- Baisguri Location in West Bengal, India Baisguri Baisguri (India)
- Coordinates: 26°20′37″N 89°28′26″E﻿ / ﻿26.3437°N 89.4739°E
- Country: India
- State: West Bengal
- District: Cooch Behar

Area
- • Total: 1.5618 km^{2} (0.6030 sq mi)

Population (2011)
- • Total: 5,021
- • Density: 3,215/km^{2} (8,327/sq mi)
- Time zone: UTC+5:30 (IST)
- PIN: 736156
- Telephone/STD code: 03582
- Vehicle registration: WB
- Lok Sabha constituency: Cooch Behar
- Vidhan Sabha constituency: Cooch Behar Dakshin
- Website: coochbehar.gov.in

= Baisguri =

Baisguri is a census town in the Cooch Behar II CD block in the Cooch Behar Sadar subdivision of the Cooch Behar district in the state of West Bengal, India.

==Geography==

===Location===
Baisguri is located at .

===Area overview===
The map alongside shows the north-central part of the district. In an overwhelming rural district, 22.08% of the population of the Cooch Behar Sadar subdivision lives in the urban areas and 77.92% lives in the rural areas. The entire district forms the flat alluvial flood plains of mighty rivers.

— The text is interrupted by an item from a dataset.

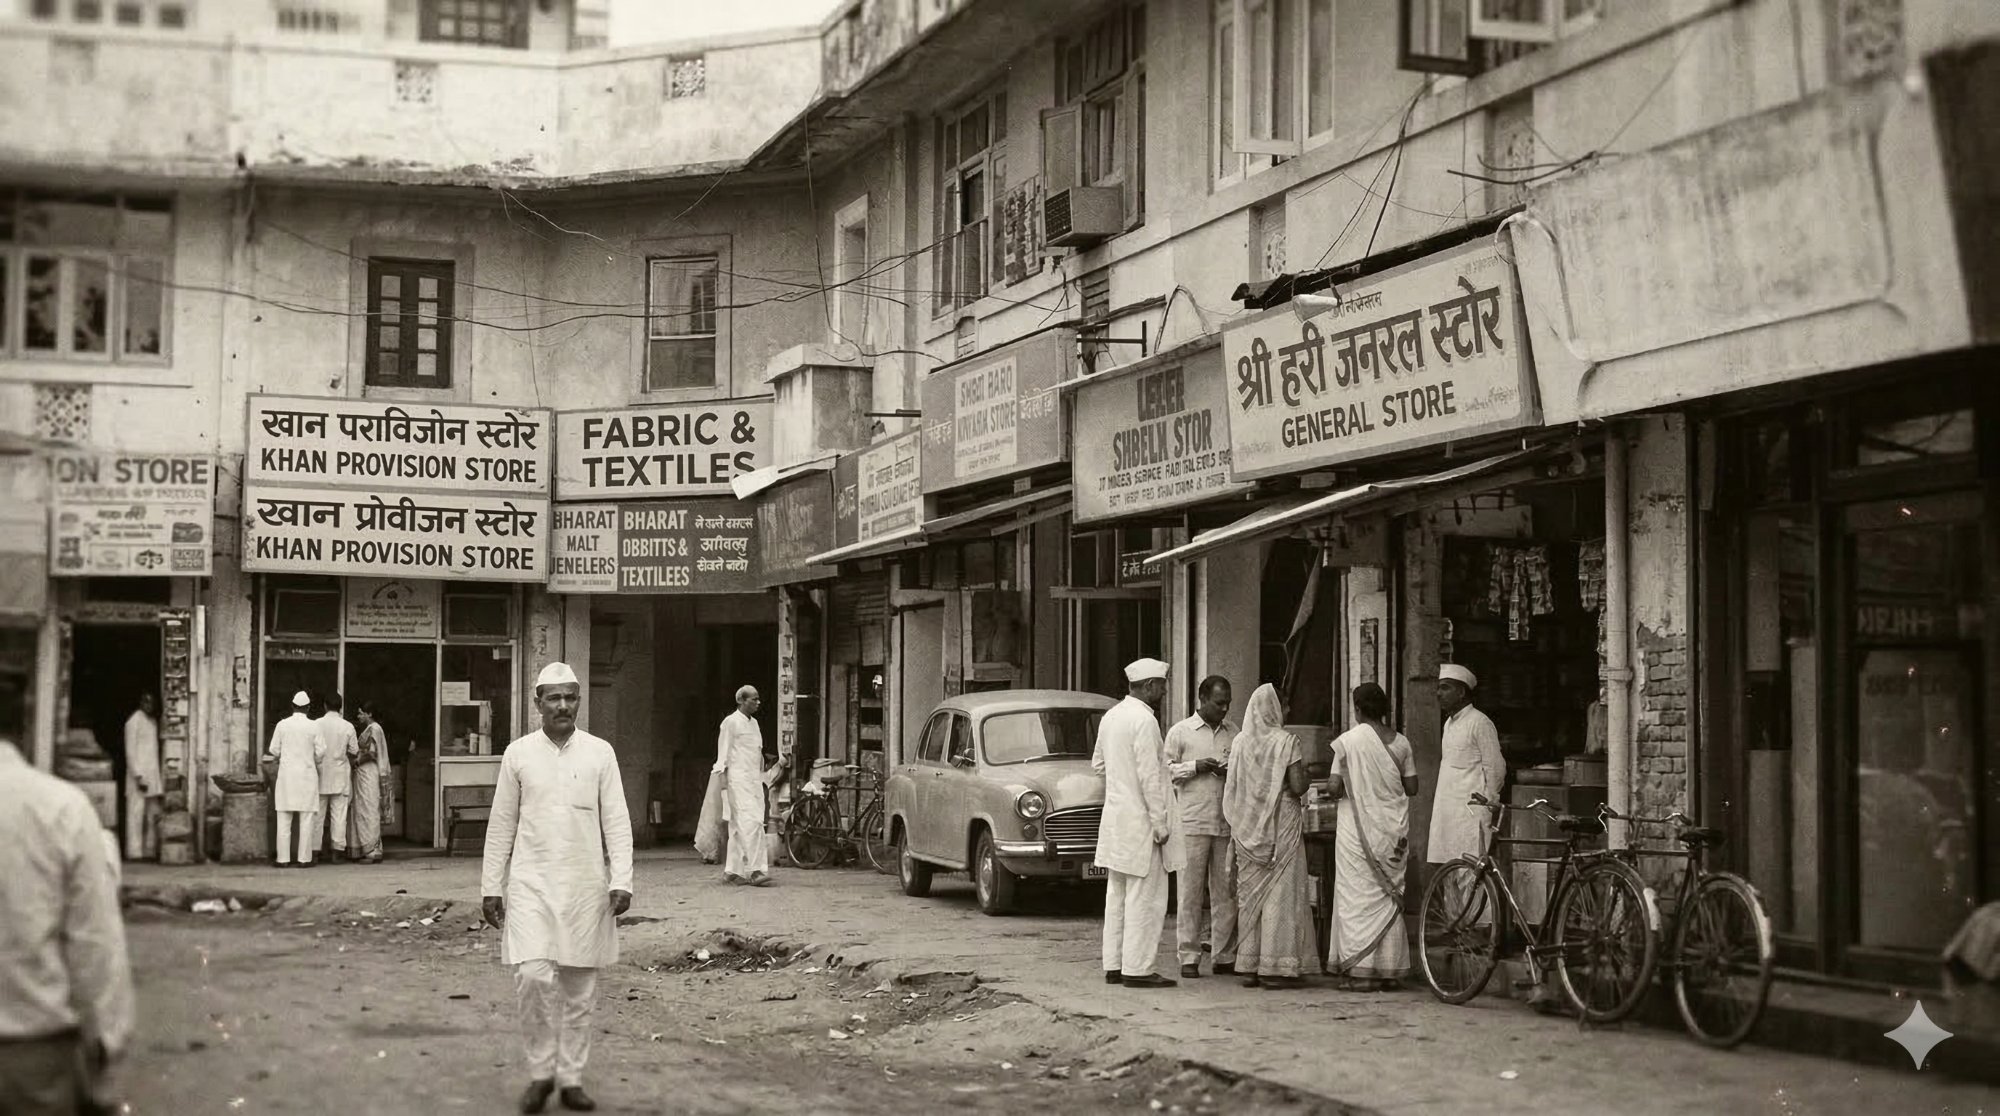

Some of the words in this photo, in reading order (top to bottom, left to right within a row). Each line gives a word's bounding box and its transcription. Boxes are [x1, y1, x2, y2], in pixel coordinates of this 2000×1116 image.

Note: The map alongside presents some of the notable locations in the subdivision. All places marked in the map are linked in the larger full screen map.

==Demographics==
As per the 2011 Census of India, Baisguri had a total population of 5,021. There were 2,577 (51%) males and 2,444 (49%) females. There were 518 persons in the age range of 0 to 6 years. The total number of literate people in Baisguri was 3,844 (85.37% of the population over 6 years).

==Infrastructure==
According to the District Census Handbook 2011, Koch Bihar, Baisguri covered an area of 1.5618 km^{2}. Among the civic amenities, the protected water supply involved overhead tank, tap water from treated sources, hand pumps. It had 483 electric connections. Among the medical facilities it had 1 hospital. Among the educational facilities it had 2 primary schools, 2 middle schools, 1 secondary school, 1 senior secondary school. It had the branch offices of 1 nationalised bank, 1 non- agricultural credit society.